Preferential targeting of MCL-1 by a hydrocarbon-stapled BIM BH3 peptide

Abstract

// Abbas Hadji 1 , Greta K. Schmitt 1 , Mathew R. Schnorenberg 1 , 2 , Lauren Roach 1 , Connie M. Hickey 1 , Logan B. Leak 1 , Matthew V. Tirrell 2 and James L. LaBelle 1 1 Department of Pediatrics, Section of Hematology/Oncology/Stem Cell Transplantation and Committee on Cancer Biology, University of Chicago, Chicago, IL 60637, USA 2 Pritzker School of Molecular Engineering, University of Chicago, Chicago, IL 60637, USA Correspondence to: James L. LaBelle, email: jlabelle@peds.bsd.uchicago.edu Keywords: MCL-1; BIM; BH3 mimetic; stapled peptides; apoptosis Received: February 08, 2019     Accepted: October 04, 2019     Published: October 22, 2019 ABSTRACT BCL-2 family proteins are central regulators of apoptosis and represent prime therapeutic targets for overcoming cell death resistance in malignancies. However, plasticity of anti-apoptotic members, such as MCL-1, often allows for a switch in cell death dependency patterns that lie outside the binding profile of targeted BH3-mimetics. Therefore discovery of therapeutics that effectively inactivate all anti-apoptotic members is a high priority.

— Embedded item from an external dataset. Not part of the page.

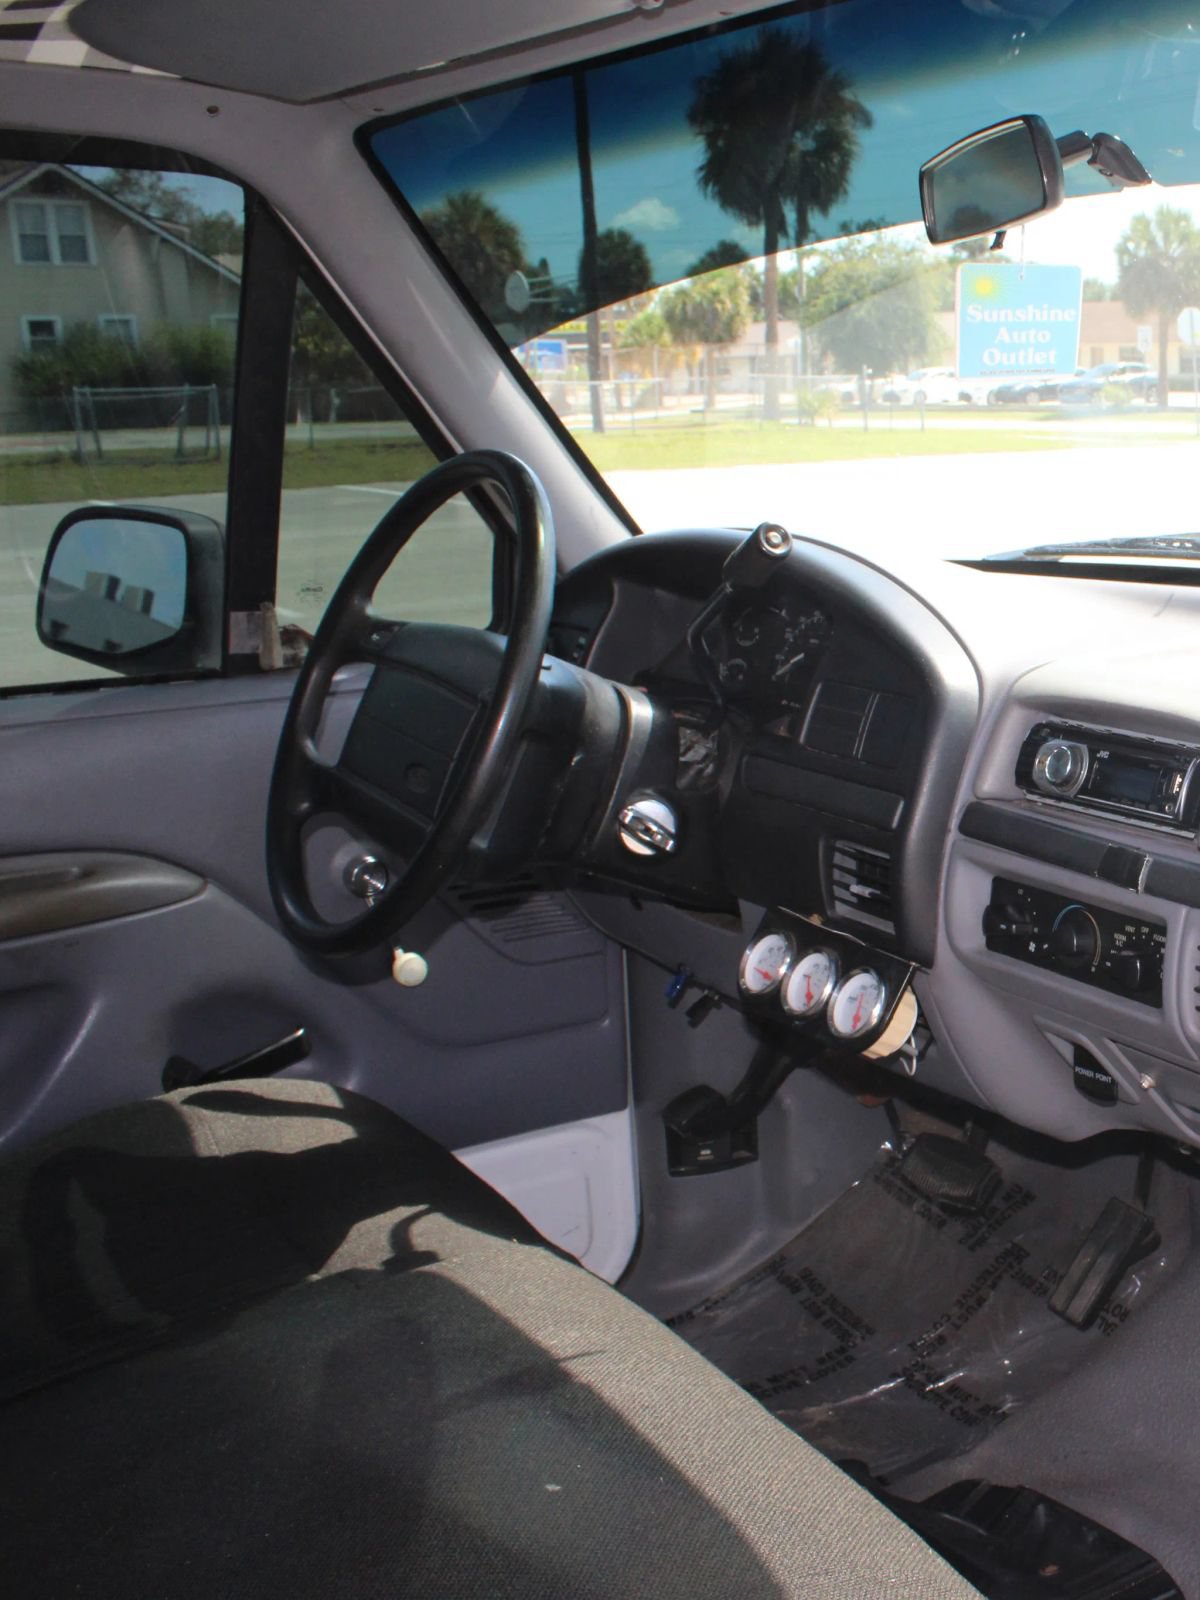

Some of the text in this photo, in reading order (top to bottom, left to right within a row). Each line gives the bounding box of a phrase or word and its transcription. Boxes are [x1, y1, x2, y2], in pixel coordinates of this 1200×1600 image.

To address this we tested the potency of a hydrocarbon stapled BIM BH3 peptide (BIM SAHB A ) to overcome both BCL-2 and MCL-1 apoptotic resistance given BIM’s naturally wide ranging affinity for all BCL-2 family multidomain members. BIM SAHB A effectively killed diffuse large B-cell lymphoma (DLBCL) cell lines regardless of their anti-apoptotic dependence. Despite BIM BH3’s ability to bind all BCL-2 anti-apoptotic proteins, BIM SAHB A ’s dominant intracellular target was MCL-1 and this specificity was exploited in sequenced combination BH3-mimetic treatments targeting BCL-2, BCL-X L , and BCL-W. Extending this MCL-1 functional dependence, mouse embryonic fibroblasts (MEFs) deficient in MCL-1 were resistant to mitochondrial changes induced by BIM SAHB A . This study demonstrates the importance of understanding BH3 mimetic functional intracellular affinities for optimized use and highlights the diagnostic and therapeutic promise of a BIM BH3 peptide mimetic as a potential MCL-1 inhibitor.